Block removal for large language models through constrained binary optimization
David Jansen, Roman Rausch, David Montero, Roman Orus
TL;DR
This work tackles the combinatorial problem of transformer block pruning by casting block removal as a constrained binary optimization (CBO) mapped to an Ising model with fixed magnetization. It derives a second-order loss expansion, producing a Hessian-based objective min $\boldsymbol{x}^\top H^0 \boldsymbol{x}$ subject to $\sum_i x_i = M$, with $H^0$ approximated by $(1/m) A^\top A$ and computable once from a calibration set. The resulting low-energy configurations yield pruned models that outperform state-of-the-art block-removal methods on dense and mixture-of-experts architectures, including notable gains in MMLU at high compression and effective pruning without retraining in some MoE cases. The approach generalizes to heterogeneous architectures and offers a robust, architecture-agnostic framework for efficient LLM compression, with potential extensions such as diversity-based candidate selection and integration with other pruning strategies.
Abstract
Compressing resource-intensive large language models by removing whole transformer blocks is a seemingly simple idea, but identifying which blocks to remove constitutes an exponentially difficult combinatorial problem. In this paper, we formulate block removal as a constrained binary optimization problem that can be mapped to a physical system (Ising model), whose energies are a strong proxy for downstream model performance. This formulation enables an efficient ranking of a large number of candidate block-removal configurations and yields many high-quality, non-trivial solutions beyond consecutive regions.
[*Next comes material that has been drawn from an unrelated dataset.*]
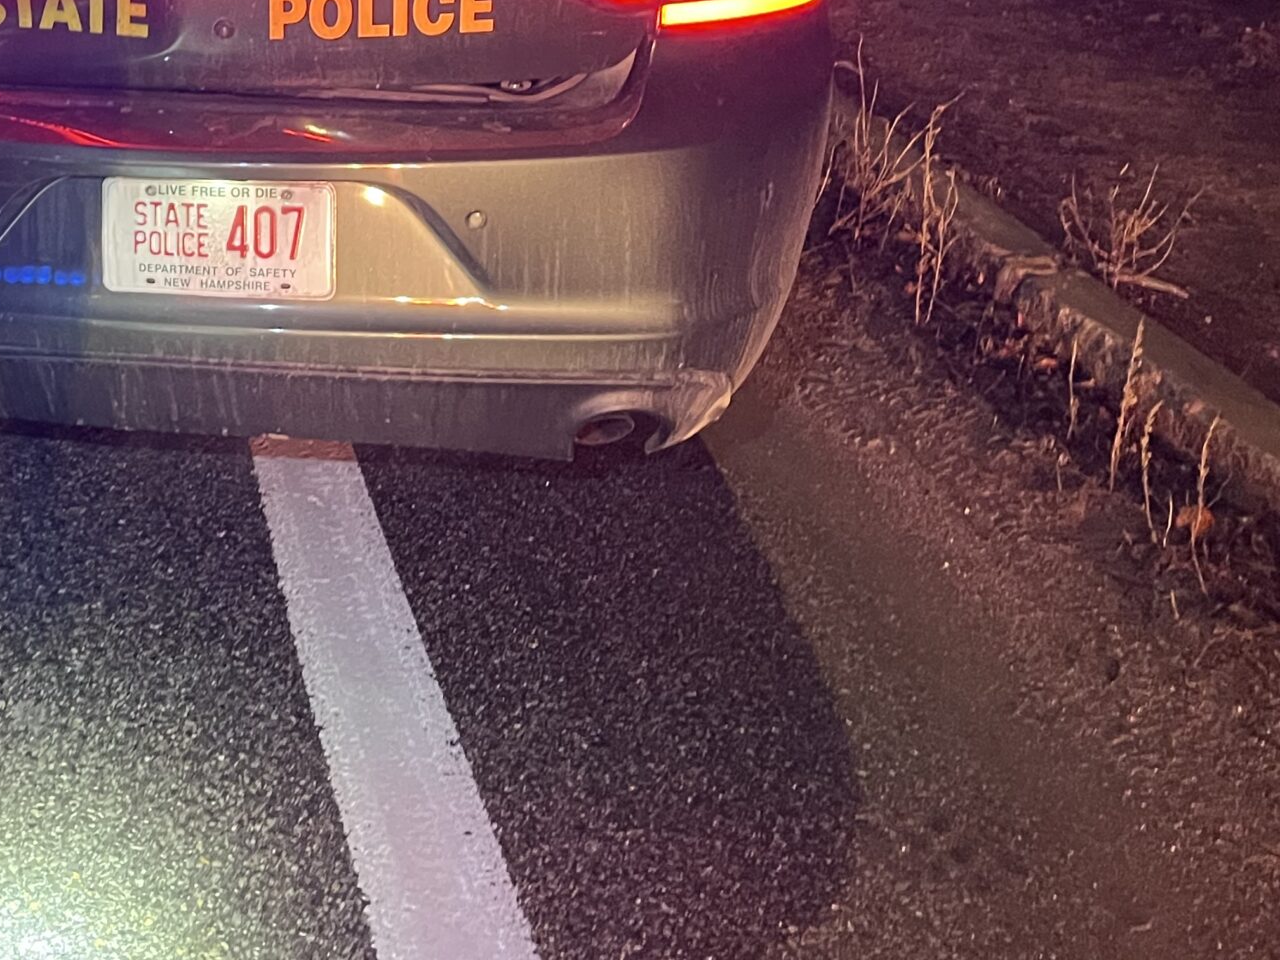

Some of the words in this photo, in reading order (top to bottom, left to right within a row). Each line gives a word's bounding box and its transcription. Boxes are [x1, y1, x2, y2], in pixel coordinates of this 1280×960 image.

We demonstrate that our approach outperforms state-of-the-art block-removal methods across several benchmarks, with performance gains persisting after short retraining, and reaching improvements of up to 6 points on the MMLU benchmark. Our method requires only forward and backward passes for a few active parameters, together with an (at least approximate) Ising solver, and can be readily applied to any architecture. We illustrate this generality on the recent NVIDIA-Nemotron-3-Nano-30B-A3B-FP8 model, which exhibits a highly inhomogeneous and challenging block structure.